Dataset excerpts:
-- Opening Marker --

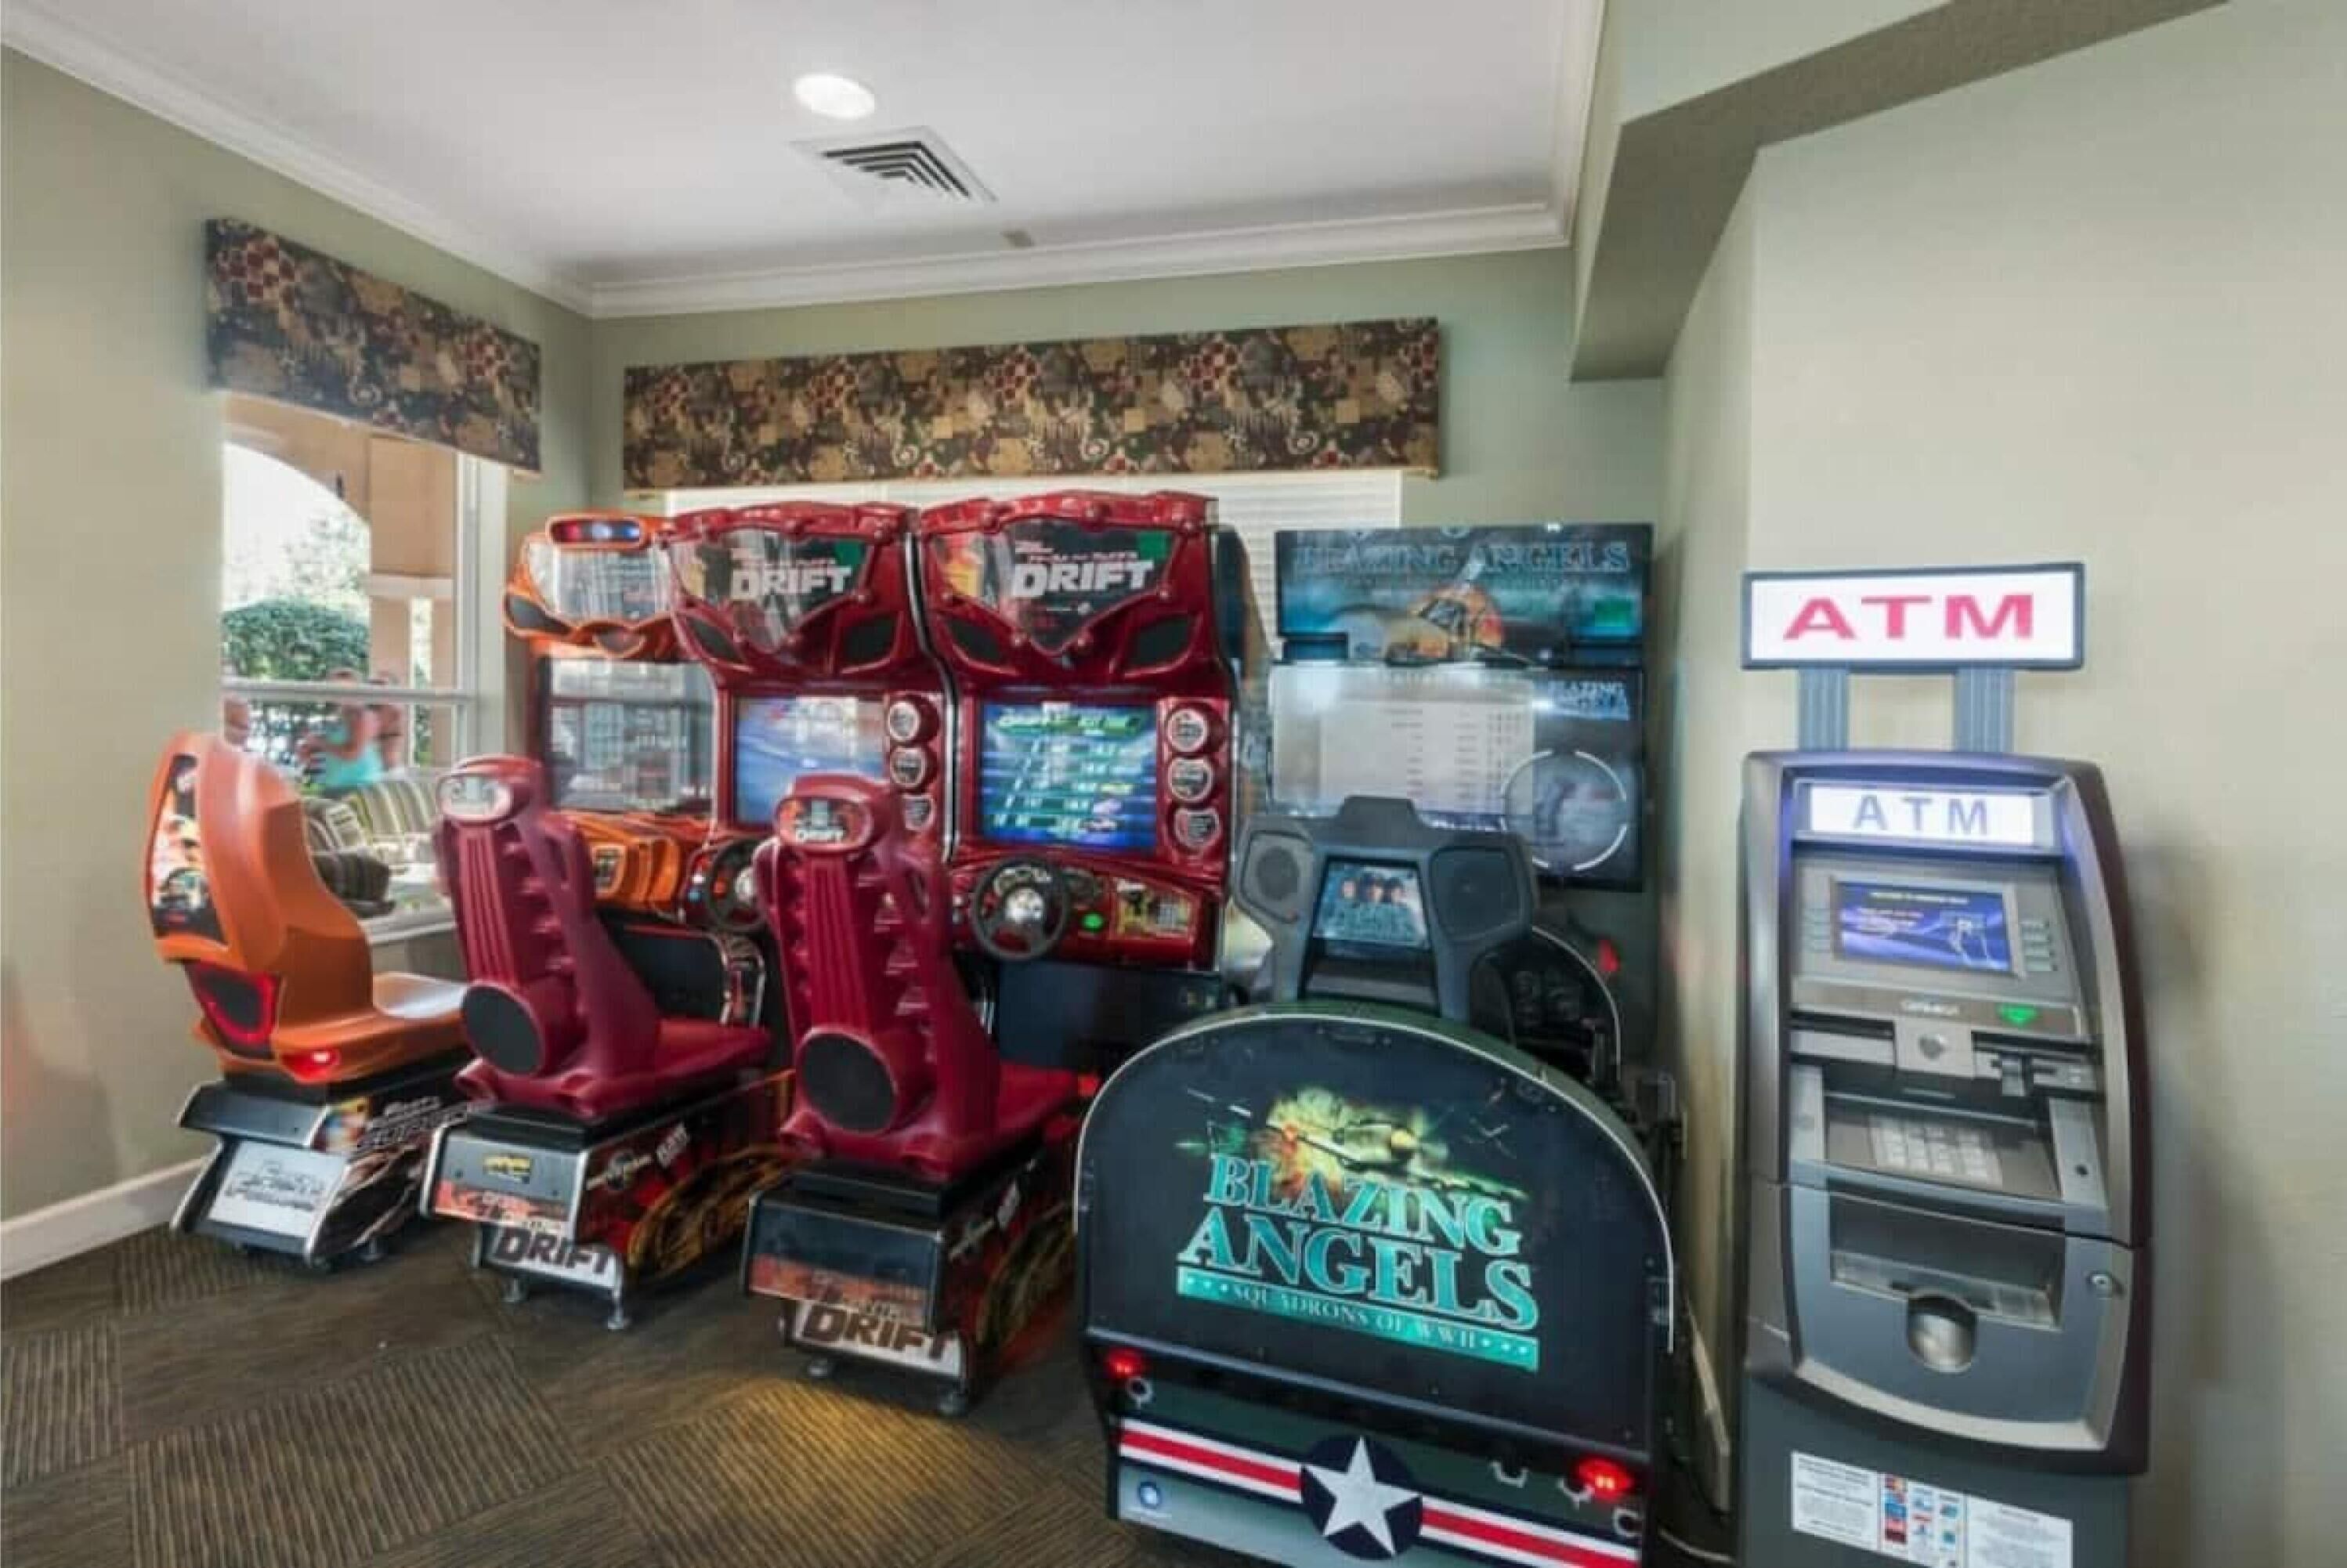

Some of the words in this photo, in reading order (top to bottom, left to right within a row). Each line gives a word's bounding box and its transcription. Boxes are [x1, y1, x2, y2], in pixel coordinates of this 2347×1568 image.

[729, 565, 852, 602] DRIFT
[1011, 559, 1155, 598] DRIFT
[1783, 593, 2034, 640] ATM
[1852, 794, 1988, 836] ATM
[1202, 1153, 1521, 1254] BLAZING
[494, 1227, 615, 1275] DRIFT
[1177, 1205, 1539, 1330] ANGELS
[802, 1304, 956, 1360] DRIFT
[1375, 1313, 1404, 1332] OF

-- Closing Marker --

— Problem requirements —
The data is to be restated word for word, with any pictures set aside.

— Task result —
Some of the words in this photo, in reading order (top to bottom, left to right within a row). Each line gives a word's bounding box and its transcription. Boxes are [x1, y1, x2, y2], in pixel coordinates of this 2347×1568 image.

[729, 565, 852, 602] DRIFT
[1011, 559, 1155, 598] DRIFT
[1783, 593, 2034, 640] ATM
[1852, 794, 1988, 836] ATM
[1202, 1153, 1521, 1254] BLAZING
[494, 1227, 615, 1275] DRIFT
[1177, 1205, 1539, 1330] ANGELS
[802, 1304, 956, 1360] DRIFT
[1375, 1313, 1404, 1332] OF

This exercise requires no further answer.